▸ WHAT YOU HAVE TO DO
The copy has to match the records word for word and include no pictures.

#### AVAILABLE DATA

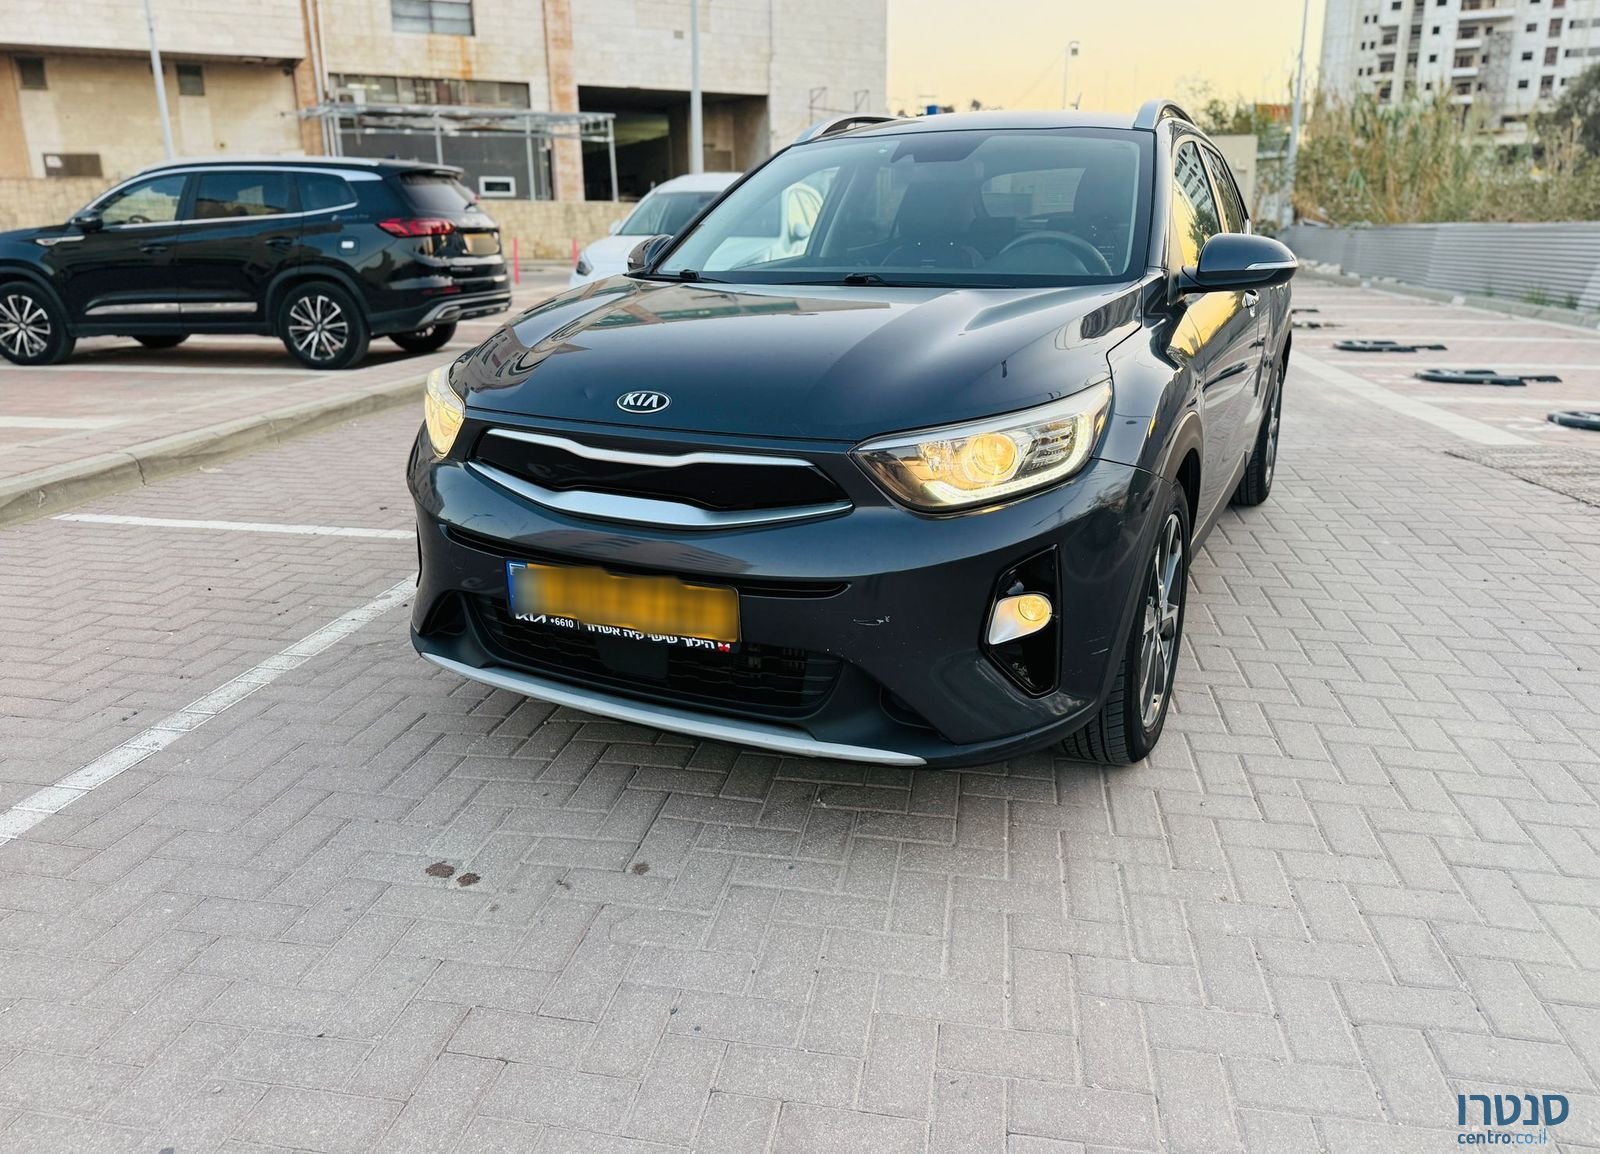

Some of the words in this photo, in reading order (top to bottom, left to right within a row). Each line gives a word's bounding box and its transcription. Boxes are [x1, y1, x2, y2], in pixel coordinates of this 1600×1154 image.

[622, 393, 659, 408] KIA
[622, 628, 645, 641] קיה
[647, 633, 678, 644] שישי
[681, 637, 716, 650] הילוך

########

▸ PROBLEM SOLUTION
Some of the words in this photo, in reading order (top to bottom, left to right within a row). Each line gives a word's bounding box and its transcription. Boxes are [x1, y1, x2, y2], in pixel coordinates of this 1600×1154 image.

[622, 393, 659, 408] KIA
[622, 628, 645, 641] קיה
[647, 633, 678, 644] שישי
[681, 637, 716, 650] הילוך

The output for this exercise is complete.